This is not a dump of MBA notes. It is a hierarchy. Start with market reality, move into economics and advantage, then learn growth, decisions, and execution. Everything is short, useful, and grounded in actual business situations.
This is the front door. If you only have a few hours, work this order. It gives you the highest decision leverage first.
TL;DR: A great product in a bad market still loses.
Real life: Launching yet another food delivery app sounds exciting until you realize customer switching is easy, margins are thin, and competition is brutal.
TL;DR: Use it to decide whether an industry is attractive before you commit time or capital.
Real life: Airlines are notorious: high fixed costs, heavy competition, little loyalty, and price-sensitive buyers.
TL;DR: If your edge disappears when you stop pushing, it is not a real edge.
Real life: Amazon’s logistics scale is not just “good execution.” It lowers costs and improves speed in a way smaller rivals struggle to match.
TL;DR: If you lose money on each customer, growth makes the problem bigger.

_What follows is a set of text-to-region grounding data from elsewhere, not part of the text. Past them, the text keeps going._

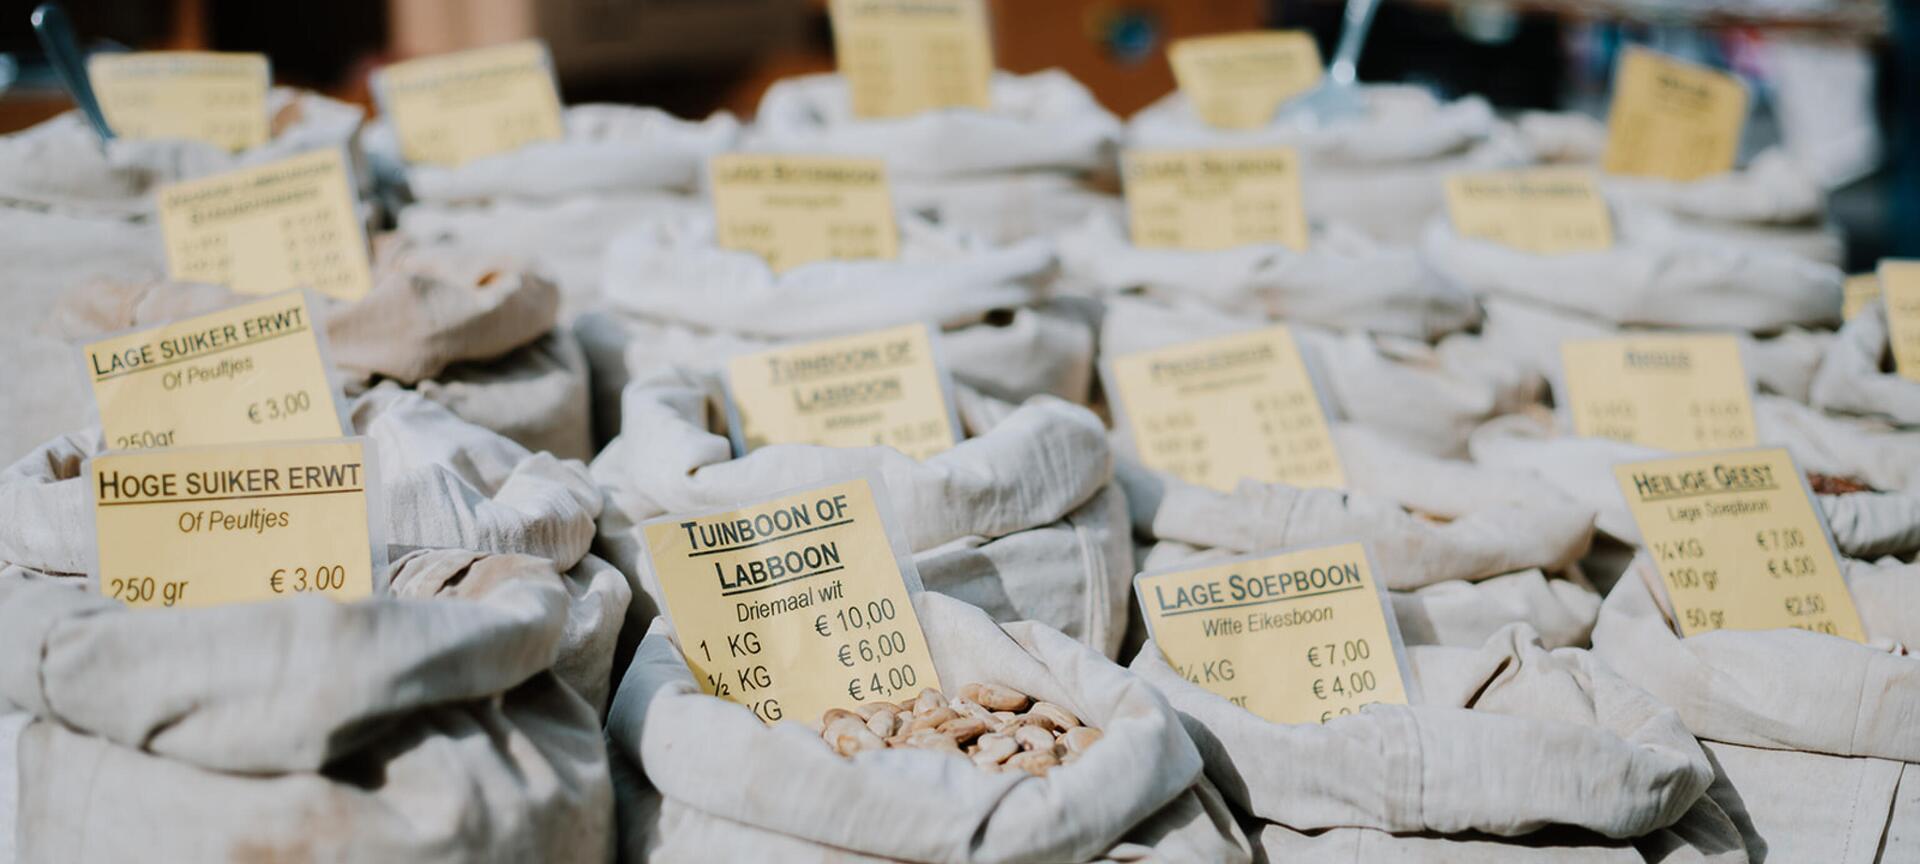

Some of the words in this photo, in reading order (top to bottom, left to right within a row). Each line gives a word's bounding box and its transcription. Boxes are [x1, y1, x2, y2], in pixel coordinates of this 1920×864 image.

[91, 344, 155, 375] LAGE
[160, 324, 238, 359] SUIKER
[244, 306, 303, 339] ERWT
[162, 367, 183, 391] Of
[188, 355, 254, 385] Peultjes
[99, 471, 177, 500] HOGE
[185, 468, 280, 496] SUIKER
[288, 463, 361, 490] ERWT
[1632, 466, 1708, 496] HEILIGE
[1713, 463, 1773, 488] GEEST
[178, 511, 204, 533] Of
[208, 508, 289, 534] Peultjes
[680, 503, 812, 551] TUINBOON
[815, 494, 849, 521] OF
[715, 541, 841, 590] LABBOON
[111, 577, 155, 602] 250
[162, 579, 189, 607] gr
[736, 586, 815, 623] Driemaal
[819, 579, 845, 604] wit
[1155, 582, 1225, 612] LAGE
[1228, 562, 1362, 602] SOEPBOON
[1202, 617, 1243, 638] Witte
[1247, 606, 1334, 633] Eikesboon
[700, 640, 712, 662] 1
[727, 631, 762, 658] KG
[737, 665, 772, 692] KG
[1203, 659, 1235, 684] KG
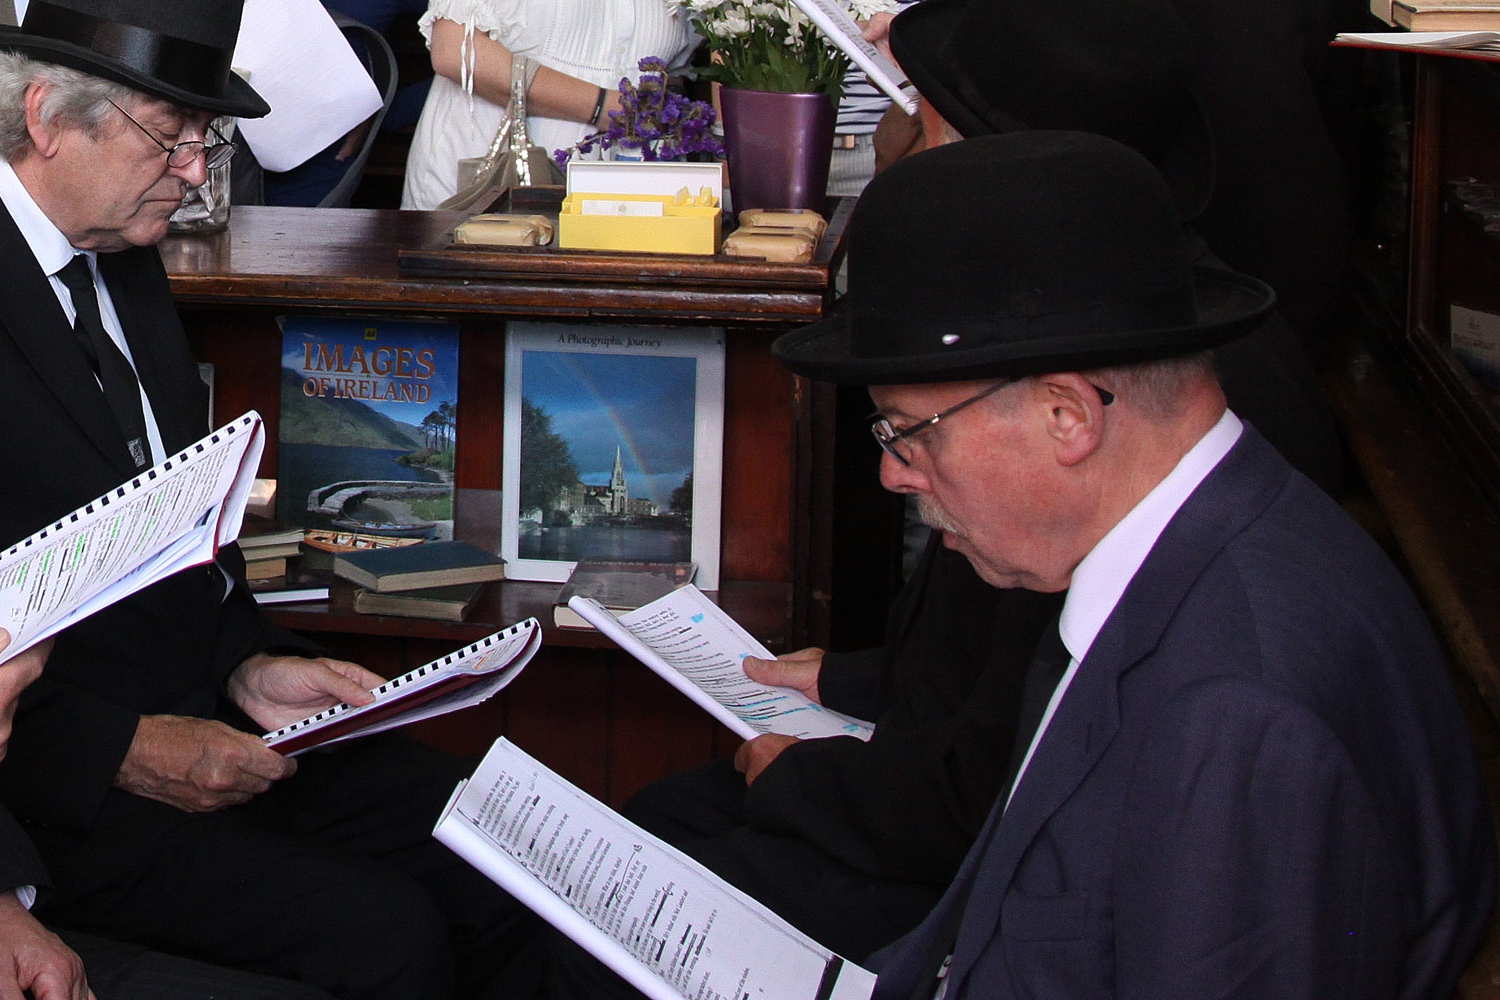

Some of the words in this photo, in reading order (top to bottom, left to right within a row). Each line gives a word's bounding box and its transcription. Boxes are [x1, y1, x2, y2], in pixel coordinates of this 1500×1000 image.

[558, 333, 565, 344] A
[566, 334, 625, 348] Photographic
[626, 337, 662, 350] Journey
[303, 342, 436, 380] IMAGES
[303, 376, 331, 398] OF
[334, 378, 433, 404] IRELAND

Real life: A startup paying $120 to acquire a customer that only generates $70 in gross profit is not “scaling.” It is accelerating losses.

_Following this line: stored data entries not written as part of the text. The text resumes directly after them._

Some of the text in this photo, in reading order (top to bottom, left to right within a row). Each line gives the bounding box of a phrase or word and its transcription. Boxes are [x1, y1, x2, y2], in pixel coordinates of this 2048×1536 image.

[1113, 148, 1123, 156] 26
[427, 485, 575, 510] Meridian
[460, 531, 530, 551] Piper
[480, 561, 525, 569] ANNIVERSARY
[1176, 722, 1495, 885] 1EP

TL;DR: Revenue minus variable costs tells you whether each sale helps cover the business.
Real life: A product that sells for $50 with $38 of variable cost leaves only $12 to cover fixed costs, overhead, and profit.
TL;DR: Customer value must clearly exceed customer acquisition cost.

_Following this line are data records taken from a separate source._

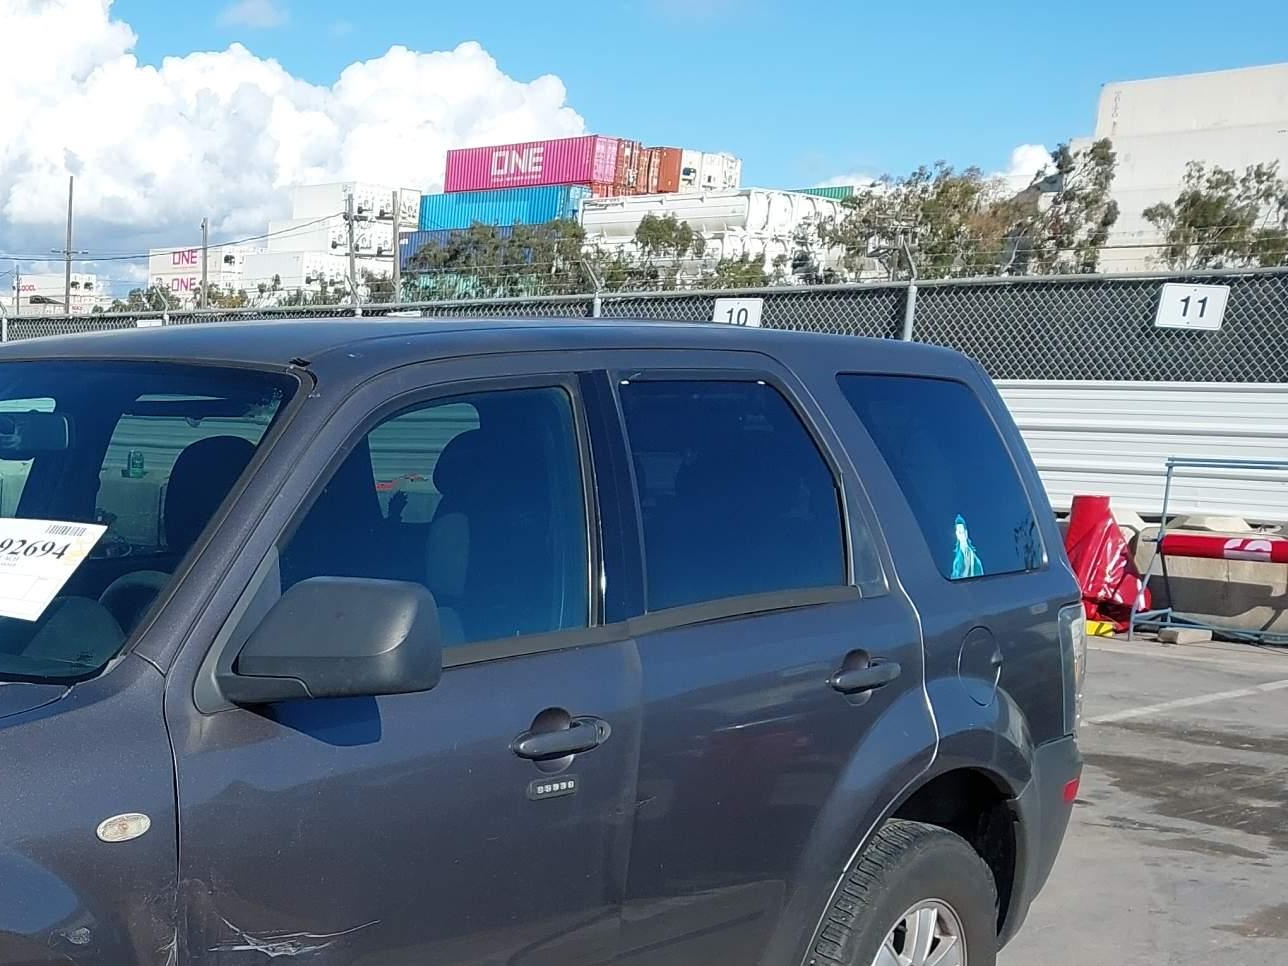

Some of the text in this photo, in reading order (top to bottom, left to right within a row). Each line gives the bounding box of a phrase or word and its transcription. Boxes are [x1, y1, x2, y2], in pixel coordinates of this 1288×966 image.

[491, 147, 544, 175] ONE
[172, 250, 198, 265] ONE
[171, 277, 196, 291] ONE
[1180, 295, 1209, 318] 11
[726, 307, 748, 326] 10
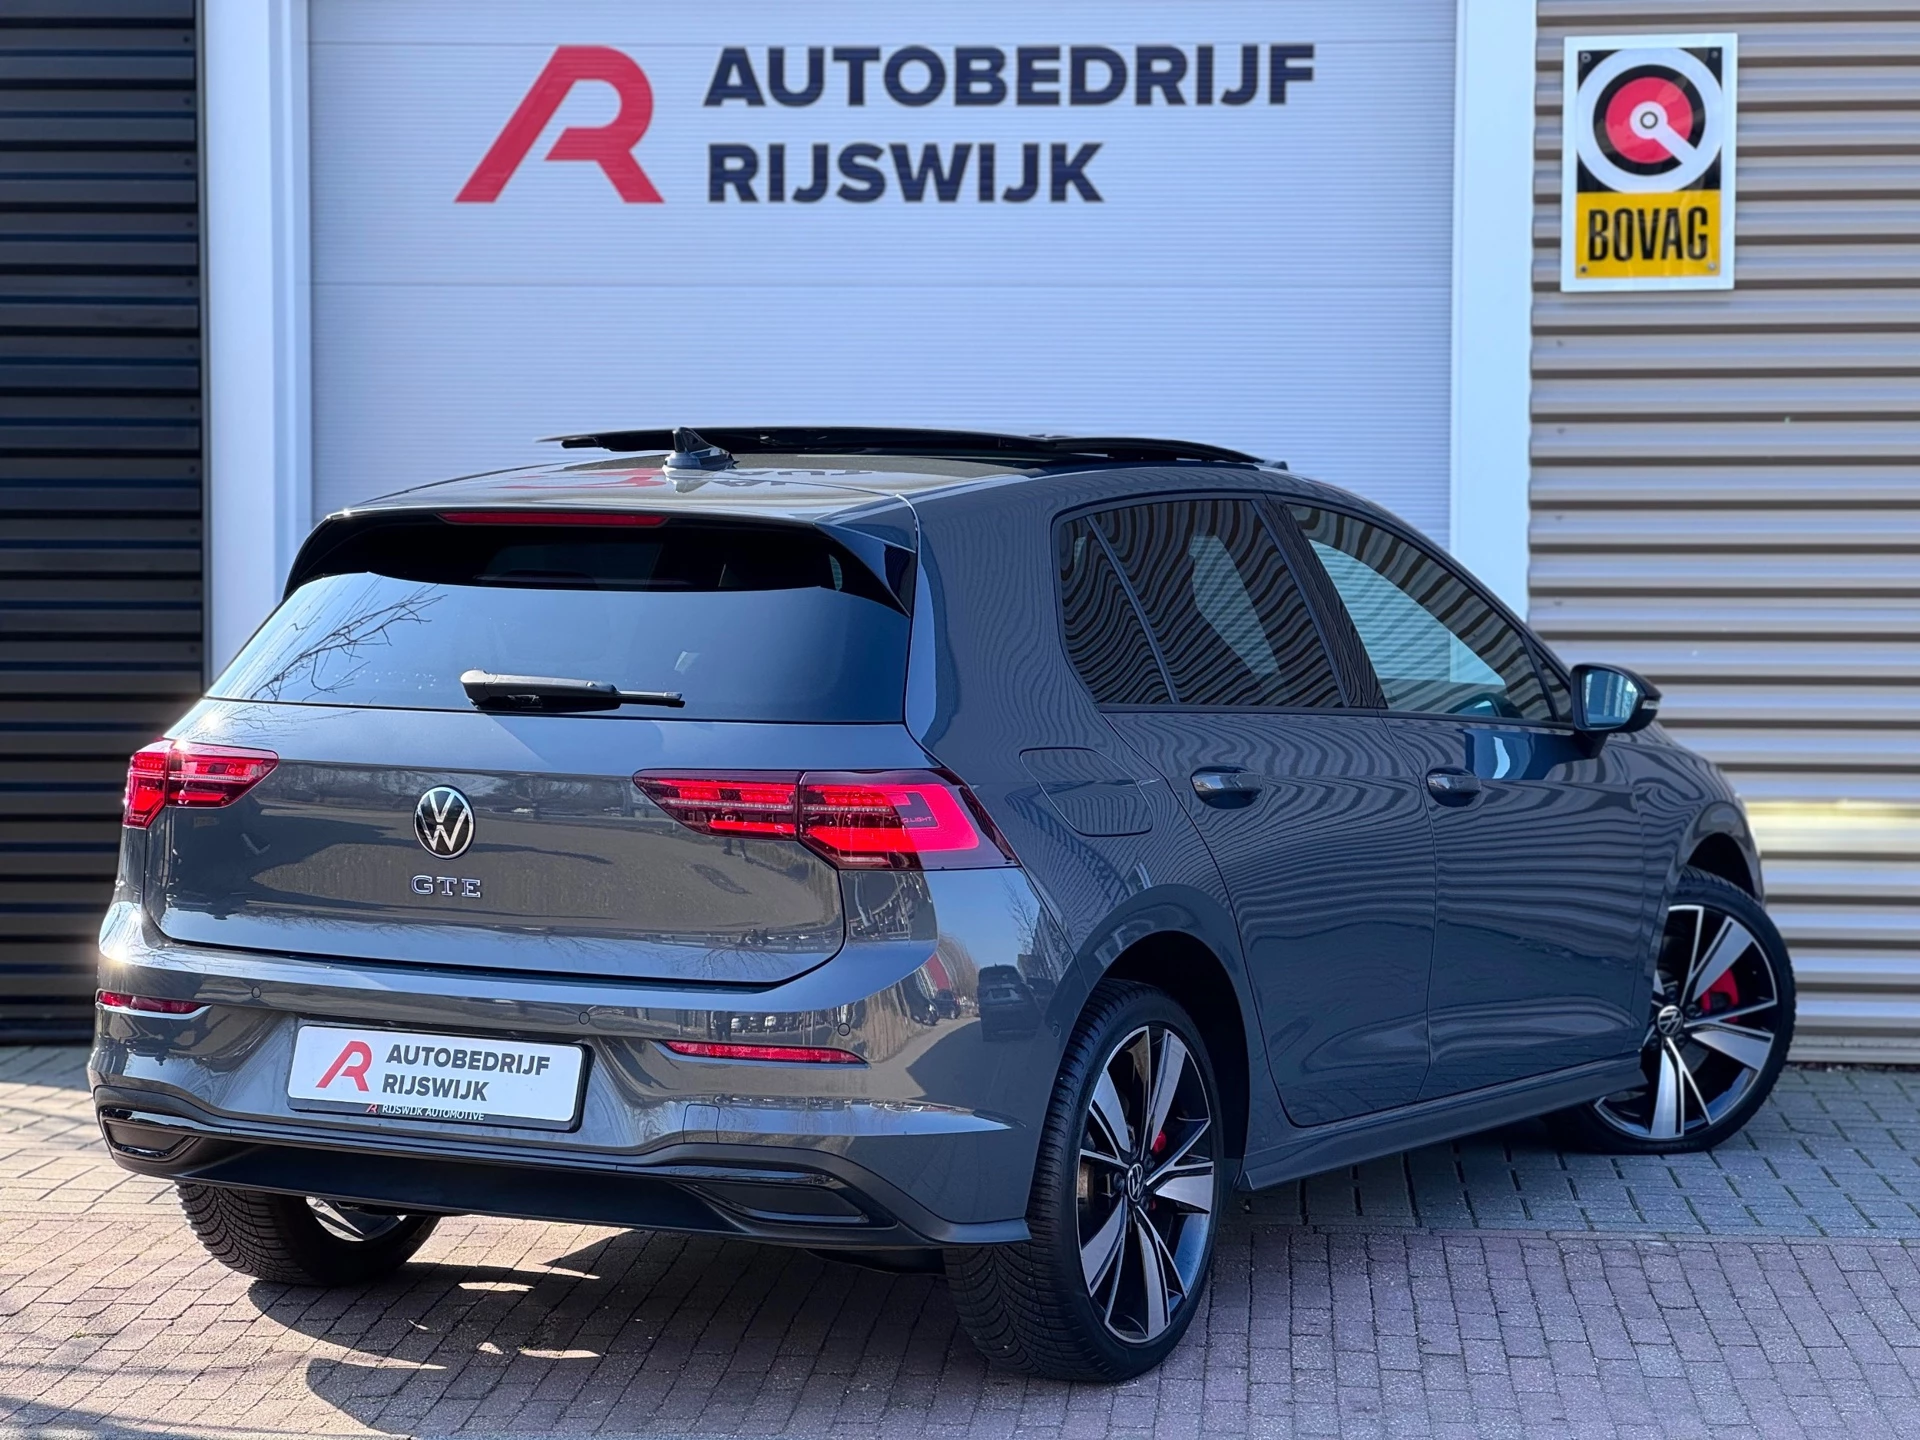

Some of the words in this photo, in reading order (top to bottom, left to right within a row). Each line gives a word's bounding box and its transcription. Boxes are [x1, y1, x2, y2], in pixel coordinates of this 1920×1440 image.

[703, 44, 1315, 107] AUTOBEDRIJF
[708, 143, 1103, 204] RIJSWIJK
[1588, 206, 1708, 262] BOVAG
[410, 874, 481, 898] GTE
[385, 1044, 551, 1076] AUTOBEDRIJF
[381, 1073, 490, 1102] RIJSWIJK
[382, 1104, 423, 1116] RIJSWIJK
[425, 1107, 485, 1120] AUTOMOTIVE

Real life: If you spend $300 to win a customer worth $280 gross profit, you bought growth that destroys value.
TL;DR: Customers do not buy products. They hire solutions to make progress.
Real life: People did not hire Uber because they loved maps or cars. They hired it because getting a ride became fast, trackable, and painless.
TL;DR: You have it when a defined group really wants what you built — and proves it through retention, referrals, or repeated use.
Real life: Slack did not win because it had more features than email. Teams kept using it because communication became faster and less painful.
Some people learn best by sequence. Others by category. Use either.
Frameworks are the pieces. Playbooks are how you actually use them.
Market → economics → edge → downside. If one fails badly, stop romanticizing it.
Use Five Forces, pricing power, and unit economics before you convince yourself.
Start from value, test sensitivity, and stop treating price like a vibe.